(Saved data entries)
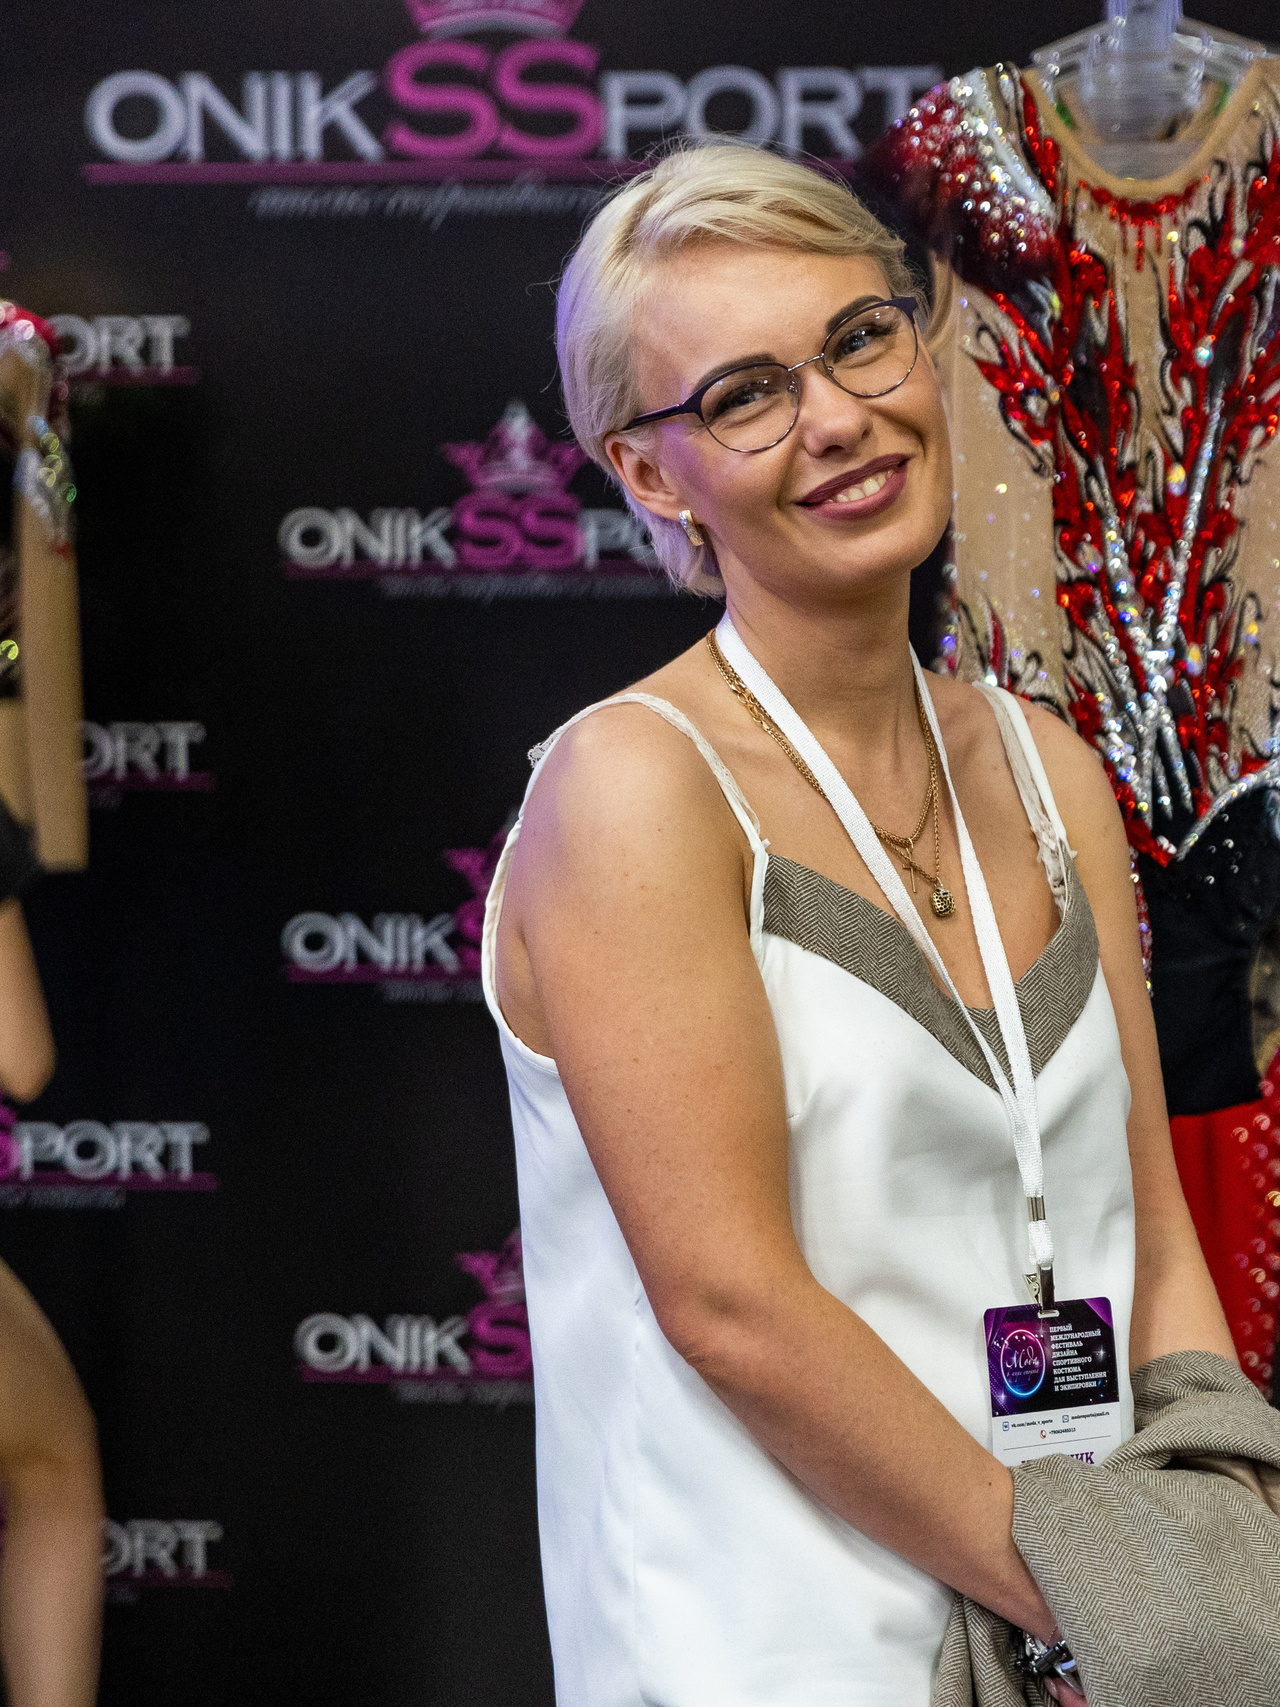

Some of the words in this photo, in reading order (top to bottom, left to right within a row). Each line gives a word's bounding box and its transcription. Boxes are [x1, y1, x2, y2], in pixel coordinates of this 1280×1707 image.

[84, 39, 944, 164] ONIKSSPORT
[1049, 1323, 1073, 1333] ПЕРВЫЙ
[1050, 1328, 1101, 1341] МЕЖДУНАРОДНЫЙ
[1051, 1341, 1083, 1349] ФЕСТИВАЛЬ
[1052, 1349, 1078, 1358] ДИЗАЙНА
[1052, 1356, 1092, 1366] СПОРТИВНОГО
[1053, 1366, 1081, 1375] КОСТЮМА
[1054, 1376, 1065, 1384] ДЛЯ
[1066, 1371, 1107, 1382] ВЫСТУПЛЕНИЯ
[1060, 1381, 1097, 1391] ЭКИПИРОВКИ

AIM OF THE EXERCISE -
Print the records above verbatim, pictures excluded.

RESPONSE -
Some of the words in this photo, in reading order (top to bottom, left to right within a row). Each line gives a word's bounding box and its transcription. Boxes are [x1, y1, x2, y2], in pixel coordinates of this 1280×1707 image.

[84, 39, 944, 164] ONIKSSPORT
[1049, 1323, 1073, 1333] ПЕРВЫЙ
[1050, 1328, 1101, 1341] МЕЖДУНАРОДНЫЙ
[1051, 1341, 1083, 1349] ФЕСТИВАЛЬ
[1052, 1349, 1078, 1358] ДИЗАЙНА
[1052, 1356, 1092, 1366] СПОРТИВНОГО
[1053, 1366, 1081, 1375] КОСТЮМА
[1054, 1376, 1065, 1384] ДЛЯ
[1066, 1371, 1107, 1382] ВЫСТУПЛЕНИЯ
[1060, 1381, 1097, 1391] ЭКИПИРОВКИ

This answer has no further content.